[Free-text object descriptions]

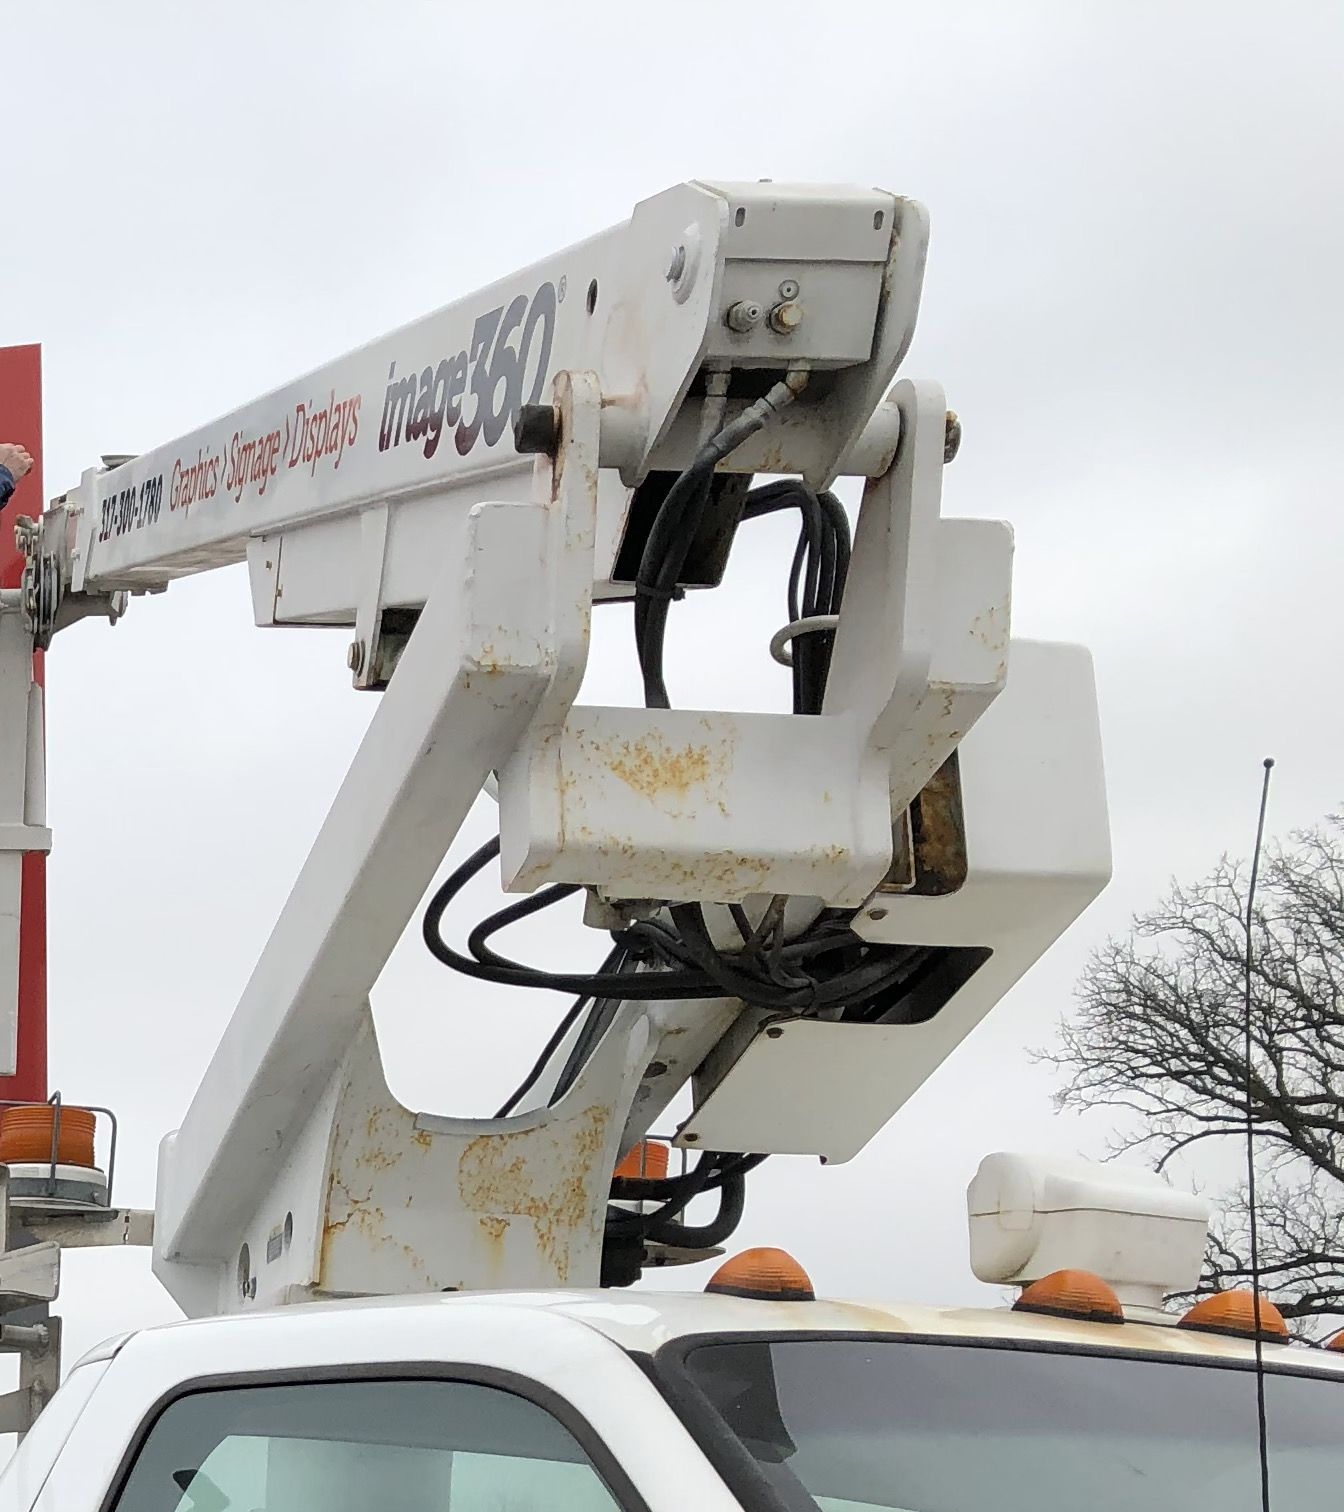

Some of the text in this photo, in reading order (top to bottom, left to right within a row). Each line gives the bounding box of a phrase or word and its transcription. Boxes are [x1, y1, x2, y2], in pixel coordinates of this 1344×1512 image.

[169, 456, 219, 519] Graphics
[226, 430, 281, 503] Signage
[288, 388, 361, 477] Displays
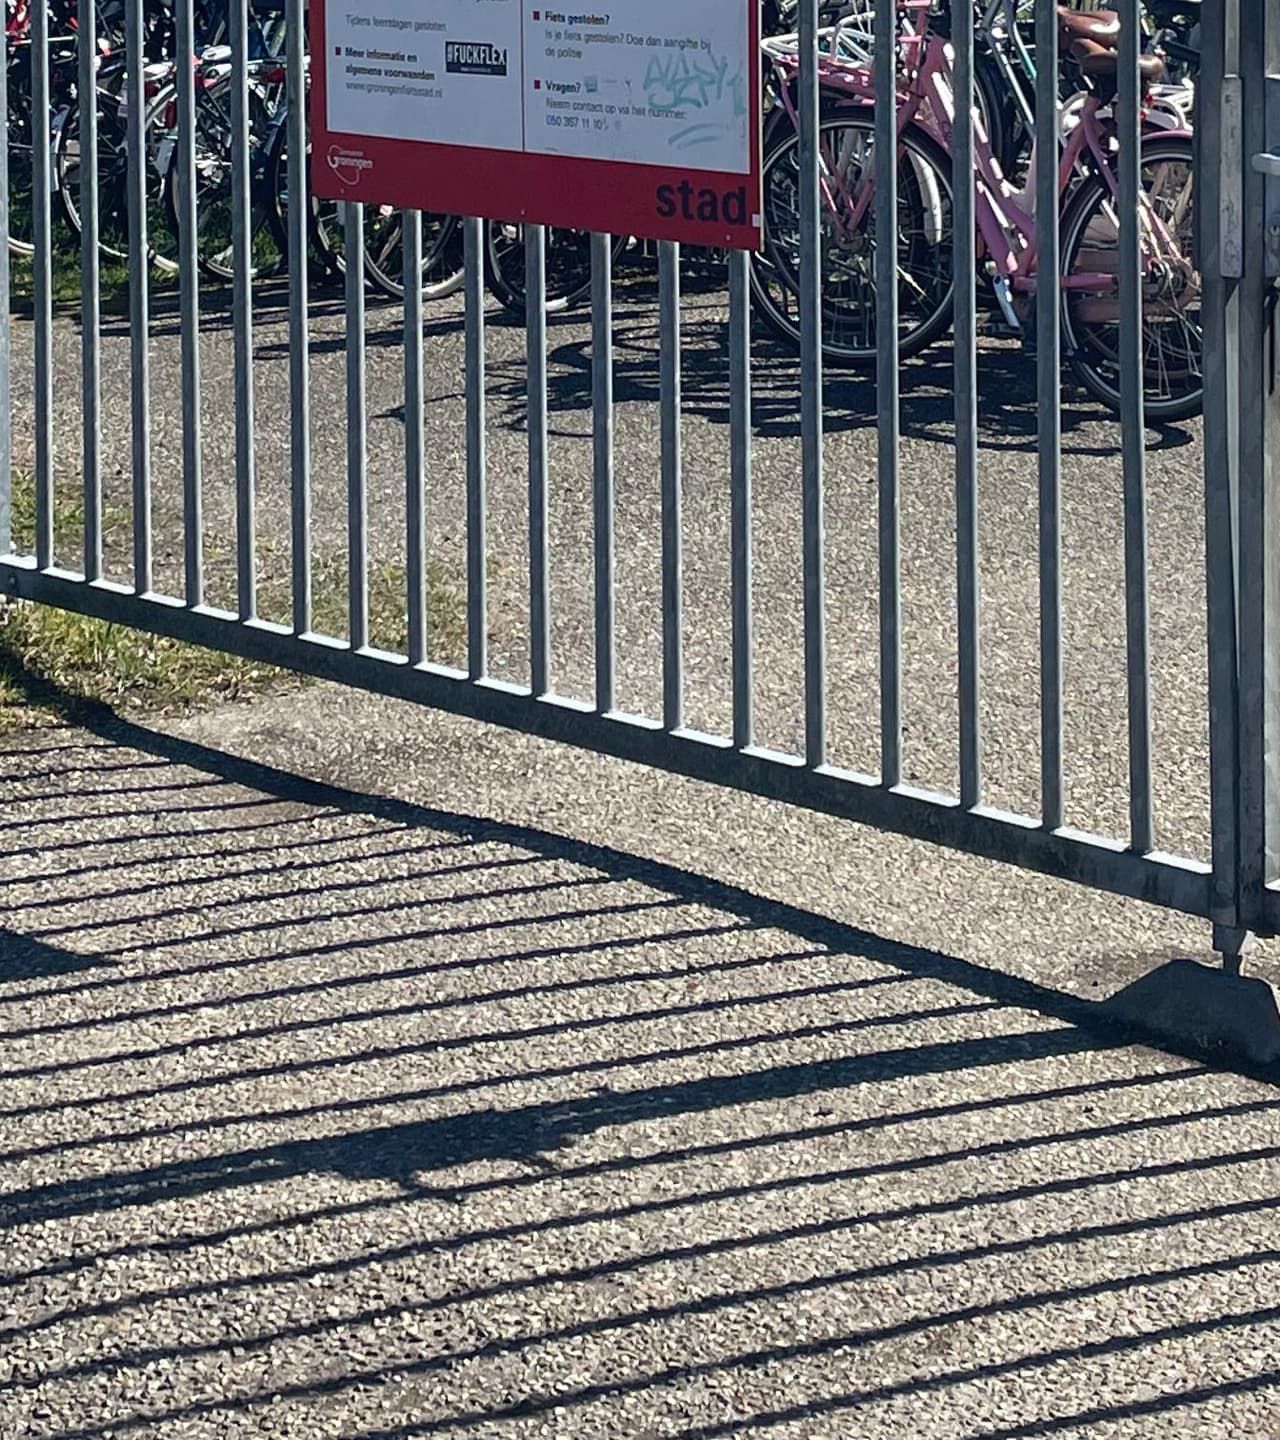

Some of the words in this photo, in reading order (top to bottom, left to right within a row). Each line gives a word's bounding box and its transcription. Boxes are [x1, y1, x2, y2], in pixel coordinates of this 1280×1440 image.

[345, 14, 370, 28] Tijdens
[414, 21, 446, 32] gesloten
[545, 11, 566, 23] Fiets
[568, 13, 610, 25] gestolen?
[545, 30, 553, 40] Is
[555, 30, 562, 41] je
[564, 30, 582, 41] fiets
[584, 32, 624, 44] gestolen?
[626, 35, 644, 46] Doe
[646, 36, 662, 47] dan
[664, 38, 698, 51] aangifte
[700, 39, 711, 53] bij
[345, 47, 364, 58] Meer
[366, 49, 405, 62] informatie
[545, 47, 555, 57] de
[384, 69, 435, 80] voorwaarden
[545, 80, 582, 94] Vragen?
[546, 97, 571, 109] Neem
[573, 100, 603, 112] contact
[605, 104, 617, 115] op
[619, 105, 630, 115] via
[632, 105, 646, 116] het
[546, 114, 561, 126] 050
[655, 180, 747, 225] stad
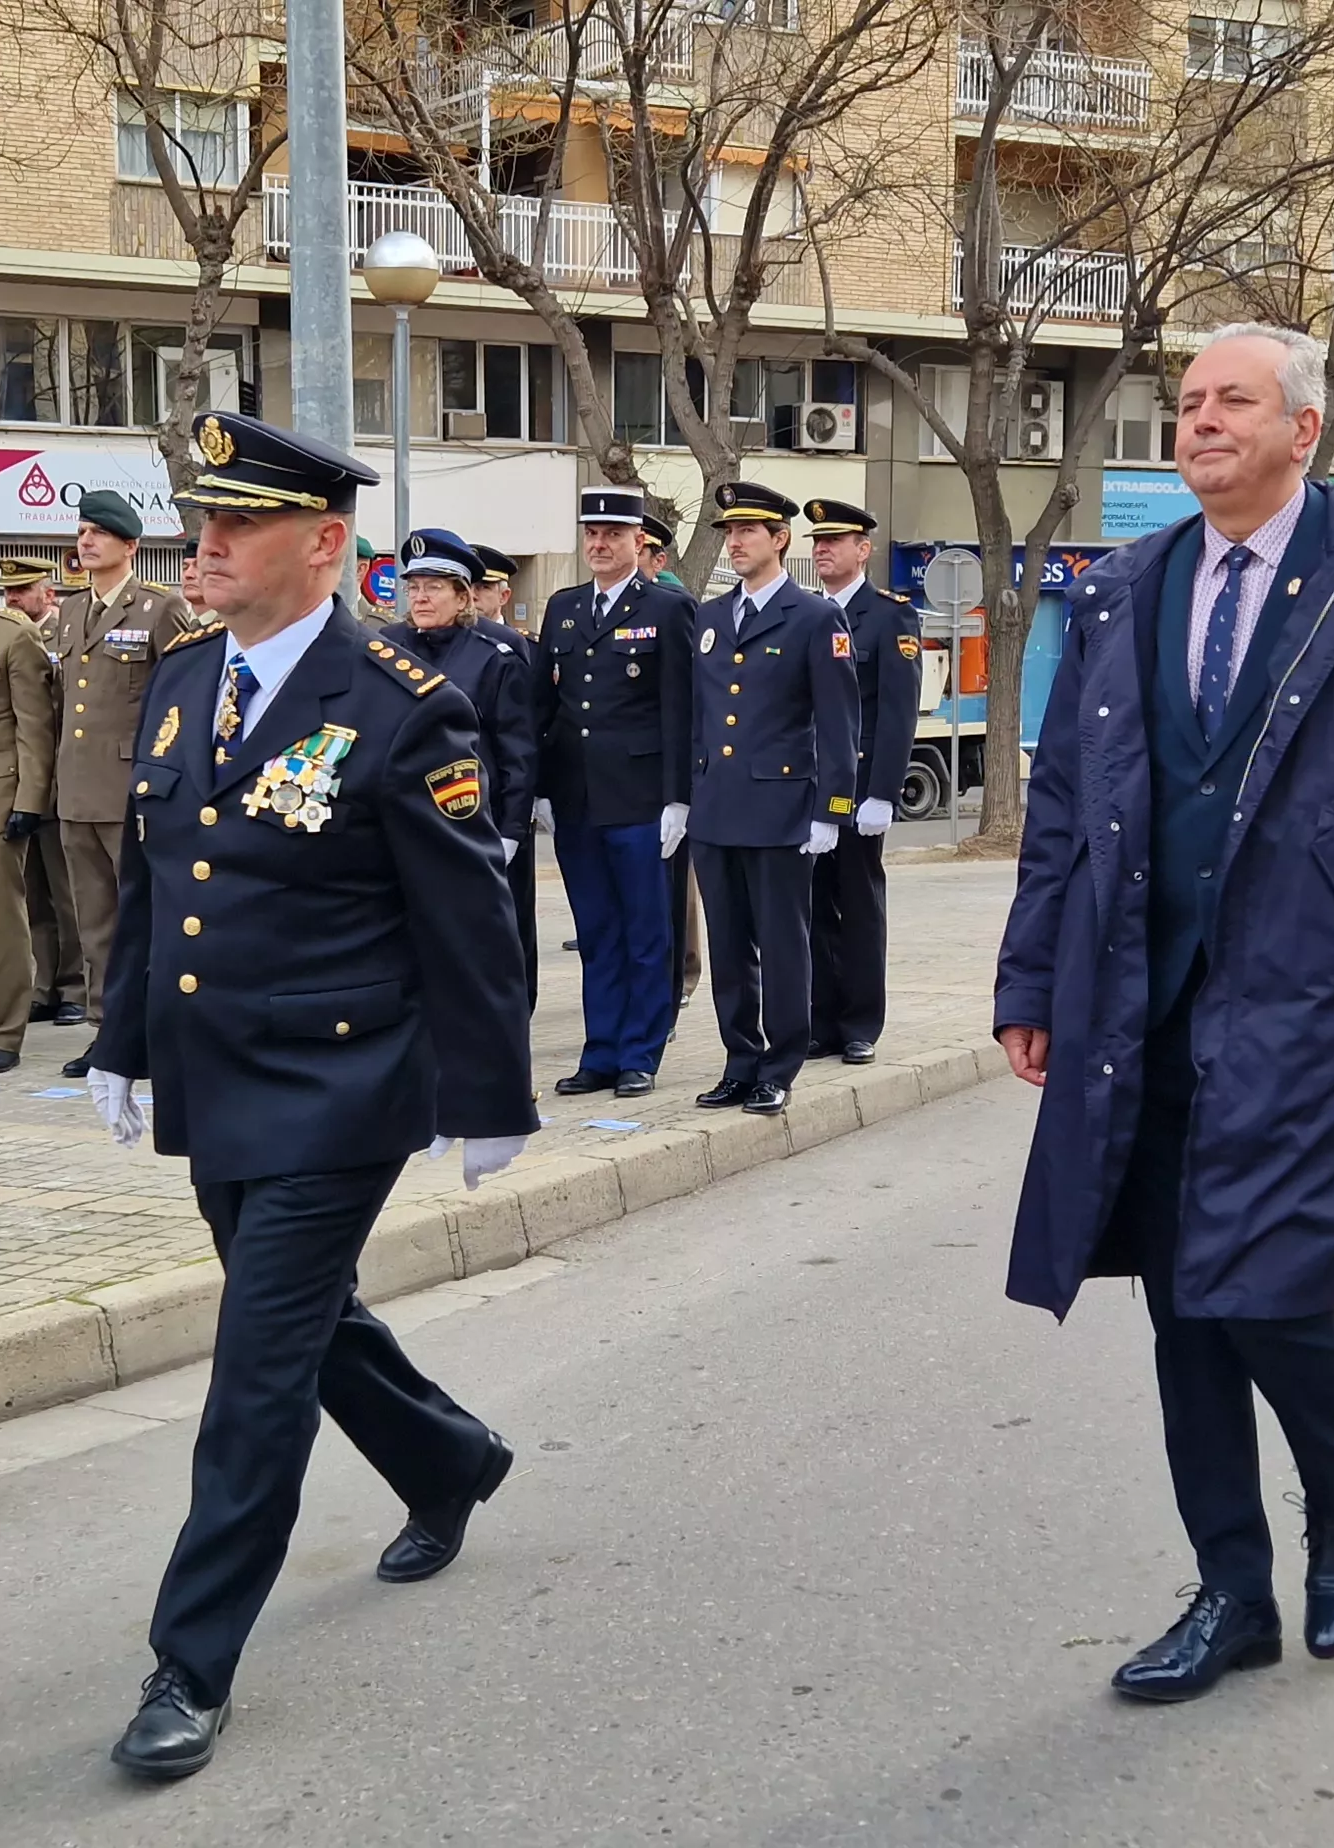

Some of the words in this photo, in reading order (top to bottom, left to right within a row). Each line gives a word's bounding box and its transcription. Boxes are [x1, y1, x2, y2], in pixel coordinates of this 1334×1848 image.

Problem details: Reproduce the data above verbatim, minus any images.

Exercise output:
Some of the text in this photo, in reading order (top to bottom, left to right within a row). Each line gives the bounding box of a phrase or word and its transcription. Boxes are [x1, y1, x2, y2], in pixel coordinates of this 1344×1512 image.

[169, 456, 219, 519] Graphics
[226, 430, 281, 503] Signage
[288, 388, 361, 477] Displays

Some of the words in this photo, in reading order (top to bottom, left to right within a row). Each line gives a word's bounding box and its transcription. Boxes are [x1, y1, x2, y2], in pixel coordinates of this 1280×1440 image.

[345, 14, 370, 28] Tijdens
[414, 21, 446, 32] gesloten
[545, 11, 566, 23] Fiets
[568, 13, 610, 25] gestolen?
[545, 30, 553, 40] Is
[555, 30, 562, 41] je
[564, 30, 582, 41] fiets
[584, 32, 624, 44] gestolen?
[626, 35, 644, 46] Doe
[646, 36, 662, 47] dan
[664, 38, 698, 51] aangifte
[700, 39, 711, 53] bij
[345, 47, 364, 58] Meer
[366, 49, 405, 62] informatie
[545, 47, 555, 57] de
[384, 69, 435, 80] voorwaarden
[545, 80, 582, 94] Vragen?
[546, 97, 571, 109] Neem
[573, 100, 603, 112] contact
[605, 104, 617, 115] op
[619, 105, 630, 115] via
[632, 105, 646, 116] het
[546, 114, 561, 126] 050
[655, 180, 747, 225] stad

Some of the words in this photo, in reading order (top to bottom, left to right within a row). Each line gives a word's bounding box and its transcription. Boxes are [x1, y1, x2, y2], in pixel coordinates of this 1334×1848 image.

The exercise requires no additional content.